***** Supplied material

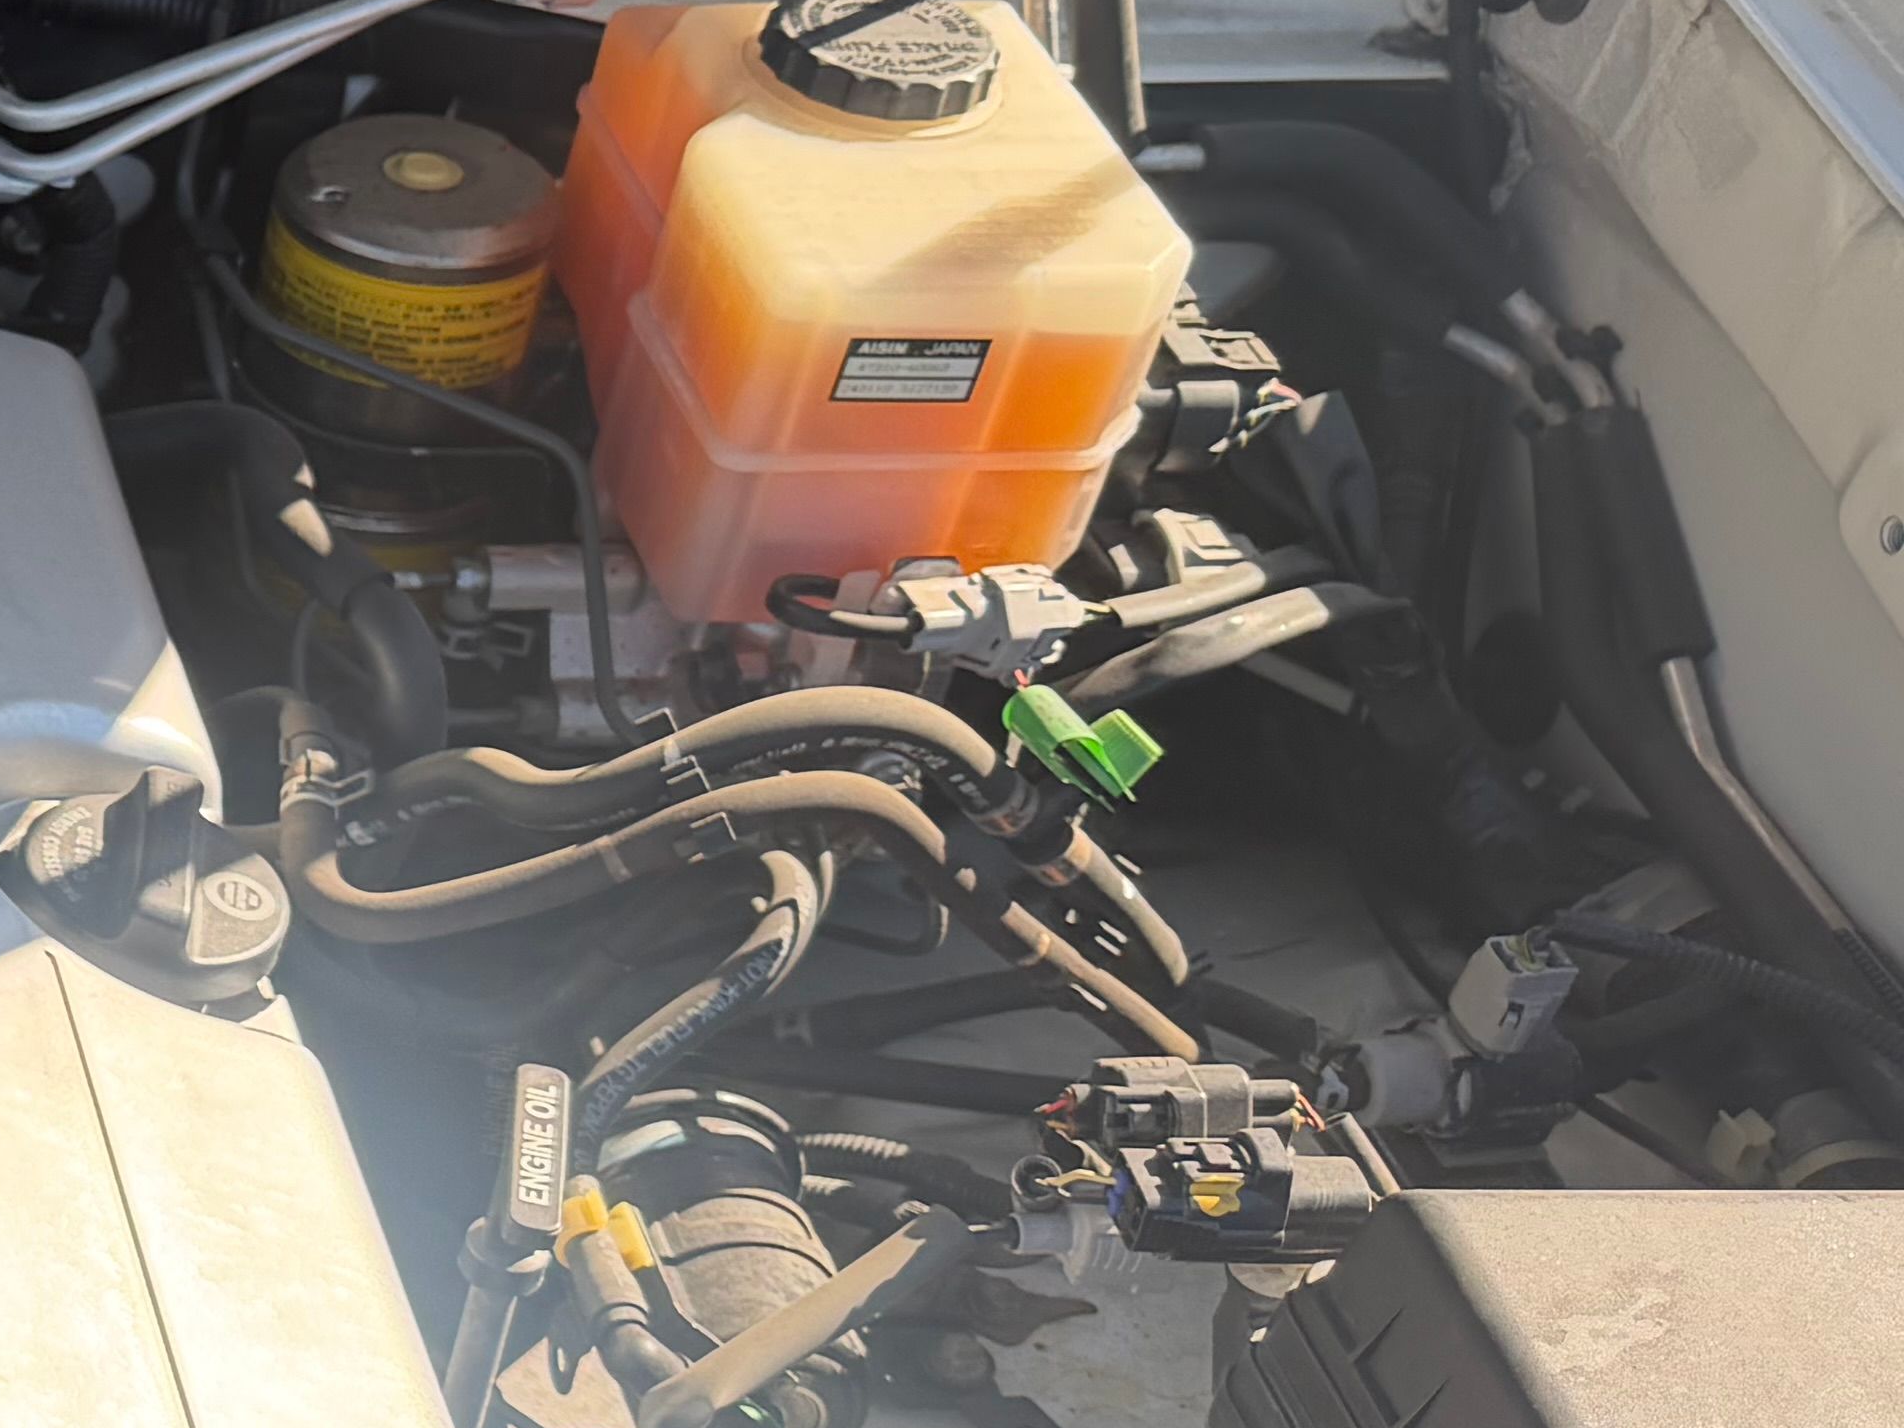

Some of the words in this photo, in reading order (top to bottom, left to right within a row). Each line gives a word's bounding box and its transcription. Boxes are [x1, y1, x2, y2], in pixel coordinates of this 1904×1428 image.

[856, 341, 910, 355] AISIN
[923, 341, 981, 355] JAPAN
[528, 1083, 558, 1118] OIL
[518, 1119, 553, 1206] ENGINE

**********

### Instructions for the task
Pictures stay out; copy every entry above exactly.

### Exercise solution
Some of the words in this photo, in reading order (top to bottom, left to right within a row). Each line gives a word's bounding box and its transcription. Boxes are [x1, y1, x2, y2], in pixel coordinates of this 1904×1428 image.

[856, 341, 910, 355] AISIN
[923, 341, 981, 355] JAPAN
[528, 1083, 558, 1118] OIL
[518, 1119, 553, 1206] ENGINE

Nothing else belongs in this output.